• _Exercise brief_:
Would you print out every entry exactly as given?

** Entries supplied follows **

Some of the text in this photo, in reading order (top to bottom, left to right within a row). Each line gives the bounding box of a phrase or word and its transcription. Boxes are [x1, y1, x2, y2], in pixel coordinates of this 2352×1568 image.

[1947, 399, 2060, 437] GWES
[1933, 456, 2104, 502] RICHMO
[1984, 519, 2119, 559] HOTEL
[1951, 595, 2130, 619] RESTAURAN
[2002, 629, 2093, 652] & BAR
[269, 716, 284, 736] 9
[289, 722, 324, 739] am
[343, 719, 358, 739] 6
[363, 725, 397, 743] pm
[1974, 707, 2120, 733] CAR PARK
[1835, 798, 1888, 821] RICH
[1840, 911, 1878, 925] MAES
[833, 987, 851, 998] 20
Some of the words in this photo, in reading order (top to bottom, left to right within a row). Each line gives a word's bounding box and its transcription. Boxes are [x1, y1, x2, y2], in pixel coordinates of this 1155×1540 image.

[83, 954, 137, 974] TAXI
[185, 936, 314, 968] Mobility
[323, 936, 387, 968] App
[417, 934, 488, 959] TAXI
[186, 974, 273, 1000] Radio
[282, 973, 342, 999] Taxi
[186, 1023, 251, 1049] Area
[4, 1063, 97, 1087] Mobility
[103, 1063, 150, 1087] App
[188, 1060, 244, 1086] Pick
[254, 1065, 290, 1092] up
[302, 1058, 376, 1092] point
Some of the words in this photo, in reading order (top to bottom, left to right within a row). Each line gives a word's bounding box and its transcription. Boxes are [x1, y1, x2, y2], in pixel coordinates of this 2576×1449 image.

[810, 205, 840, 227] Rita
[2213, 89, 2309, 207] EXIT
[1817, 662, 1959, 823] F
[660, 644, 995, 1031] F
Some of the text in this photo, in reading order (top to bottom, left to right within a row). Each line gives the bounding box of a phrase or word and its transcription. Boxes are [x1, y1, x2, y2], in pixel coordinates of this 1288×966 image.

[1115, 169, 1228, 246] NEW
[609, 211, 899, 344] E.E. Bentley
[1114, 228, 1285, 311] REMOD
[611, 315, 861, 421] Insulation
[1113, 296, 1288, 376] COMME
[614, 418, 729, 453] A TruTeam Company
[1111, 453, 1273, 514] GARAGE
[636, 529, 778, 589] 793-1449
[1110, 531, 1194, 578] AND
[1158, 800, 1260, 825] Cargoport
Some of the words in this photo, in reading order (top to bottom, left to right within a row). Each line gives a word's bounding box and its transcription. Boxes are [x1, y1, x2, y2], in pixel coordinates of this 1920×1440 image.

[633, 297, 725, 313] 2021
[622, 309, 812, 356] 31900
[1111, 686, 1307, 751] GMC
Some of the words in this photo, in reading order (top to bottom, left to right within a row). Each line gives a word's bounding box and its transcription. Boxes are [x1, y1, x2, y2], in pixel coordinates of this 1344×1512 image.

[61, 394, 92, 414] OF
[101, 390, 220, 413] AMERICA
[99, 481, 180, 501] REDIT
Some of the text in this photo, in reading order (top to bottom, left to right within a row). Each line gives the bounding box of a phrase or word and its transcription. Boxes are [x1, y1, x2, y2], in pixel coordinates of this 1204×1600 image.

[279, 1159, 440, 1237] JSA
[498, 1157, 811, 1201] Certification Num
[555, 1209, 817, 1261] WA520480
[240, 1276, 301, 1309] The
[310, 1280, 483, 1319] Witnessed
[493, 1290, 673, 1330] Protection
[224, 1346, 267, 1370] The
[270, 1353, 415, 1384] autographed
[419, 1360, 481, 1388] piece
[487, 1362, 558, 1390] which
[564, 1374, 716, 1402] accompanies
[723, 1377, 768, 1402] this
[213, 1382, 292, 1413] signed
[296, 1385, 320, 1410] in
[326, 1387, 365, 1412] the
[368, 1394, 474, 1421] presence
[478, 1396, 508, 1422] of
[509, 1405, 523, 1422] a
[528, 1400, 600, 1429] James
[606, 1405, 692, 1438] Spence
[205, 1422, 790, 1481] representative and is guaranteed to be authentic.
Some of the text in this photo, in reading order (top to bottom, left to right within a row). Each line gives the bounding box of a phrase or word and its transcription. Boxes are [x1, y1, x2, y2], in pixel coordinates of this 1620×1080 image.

** End of Entries supplied **

• _Reply_:
Some of the text in this photo, in reading order (top to bottom, left to right within a row). Each line gives the bounding box of a phrase or word and its transcription. Boxes are [x1, y1, x2, y2], in pixel coordinates of this 2352×1568 image.

[1947, 399, 2060, 437] GWES
[1933, 456, 2104, 502] RICHMO
[1984, 519, 2119, 559] HOTEL
[1951, 595, 2130, 619] RESTAURAN
[2002, 629, 2093, 652] & BAR
[269, 716, 284, 736] 9
[289, 722, 324, 739] am
[343, 719, 358, 739] 6
[363, 725, 397, 743] pm
[1974, 707, 2120, 733] CAR PARK
[1835, 798, 1888, 821] RICH
[1840, 911, 1878, 925] MAES
[833, 987, 851, 998] 20
Some of the words in this photo, in reading order (top to bottom, left to right within a row). Each line gives a word's bounding box and its transcription. Boxes are [x1, y1, x2, y2], in pixel coordinates of this 1155×1540 image.

[83, 954, 137, 974] TAXI
[185, 936, 314, 968] Mobility
[323, 936, 387, 968] App
[417, 934, 488, 959] TAXI
[186, 974, 273, 1000] Radio
[282, 973, 342, 999] Taxi
[186, 1023, 251, 1049] Area
[4, 1063, 97, 1087] Mobility
[103, 1063, 150, 1087] App
[188, 1060, 244, 1086] Pick
[254, 1065, 290, 1092] up
[302, 1058, 376, 1092] point
Some of the words in this photo, in reading order (top to bottom, left to right within a row). Each line gives a word's bounding box and its transcription. Boxes are [x1, y1, x2, y2], in pixel coordinates of this 2576×1449 image.

[810, 205, 840, 227] Rita
[2213, 89, 2309, 207] EXIT
[1817, 662, 1959, 823] F
[660, 644, 995, 1031] F
Some of the text in this photo, in reading order (top to bottom, left to right within a row). Each line gives the bounding box of a phrase or word and its transcription. Boxes are [x1, y1, x2, y2], in pixel coordinates of this 1288×966 image.

[1115, 169, 1228, 246] NEW
[609, 211, 899, 344] E.E. Bentley
[1114, 228, 1285, 311] REMOD
[611, 315, 861, 421] Insulation
[1113, 296, 1288, 376] COMME
[614, 418, 729, 453] A TruTeam Company
[1111, 453, 1273, 514] GARAGE
[636, 529, 778, 589] 793-1449
[1110, 531, 1194, 578] AND
[1158, 800, 1260, 825] Cargoport
Some of the words in this photo, in reading order (top to bottom, left to right within a row). Each line gives a word's bounding box and its transcription. Boxes are [x1, y1, x2, y2], in pixel coordinates of this 1920×1440 image.

[633, 297, 725, 313] 2021
[622, 309, 812, 356] 31900
[1111, 686, 1307, 751] GMC
Some of the words in this photo, in reading order (top to bottom, left to right within a row). Each line gives a word's bounding box and its transcription. Boxes are [x1, y1, x2, y2], in pixel coordinates of this 1344×1512 image.

[61, 394, 92, 414] OF
[101, 390, 220, 413] AMERICA
[99, 481, 180, 501] REDIT
Some of the text in this photo, in reading order (top to bottom, left to right within a row). Each line gives the bounding box of a phrase or word and its transcription. Boxes are [x1, y1, x2, y2], in pixel coordinates of this 1204×1600 image.

[279, 1159, 440, 1237] JSA
[498, 1157, 811, 1201] Certification Num
[555, 1209, 817, 1261] WA520480
[240, 1276, 301, 1309] The
[310, 1280, 483, 1319] Witnessed
[493, 1290, 673, 1330] Protection
[224, 1346, 267, 1370] The
[270, 1353, 415, 1384] autographed
[419, 1360, 481, 1388] piece
[487, 1362, 558, 1390] which
[564, 1374, 716, 1402] accompanies
[723, 1377, 768, 1402] this
[213, 1382, 292, 1413] signed
[296, 1385, 320, 1410] in
[326, 1387, 365, 1412] the
[368, 1394, 474, 1421] presence
[478, 1396, 508, 1422] of
[509, 1405, 523, 1422] a
[528, 1400, 600, 1429] James
[606, 1405, 692, 1438] Spence
[205, 1422, 790, 1481] representative and is guaranteed to be authentic.
Some of the text in this photo, in reading order (top to bottom, left to right within a row). Each line gives the bounding box of a phrase or word and its transcription. Boxes are [x1, y1, x2, y2], in pixel coordinates of this 1620×1080 image.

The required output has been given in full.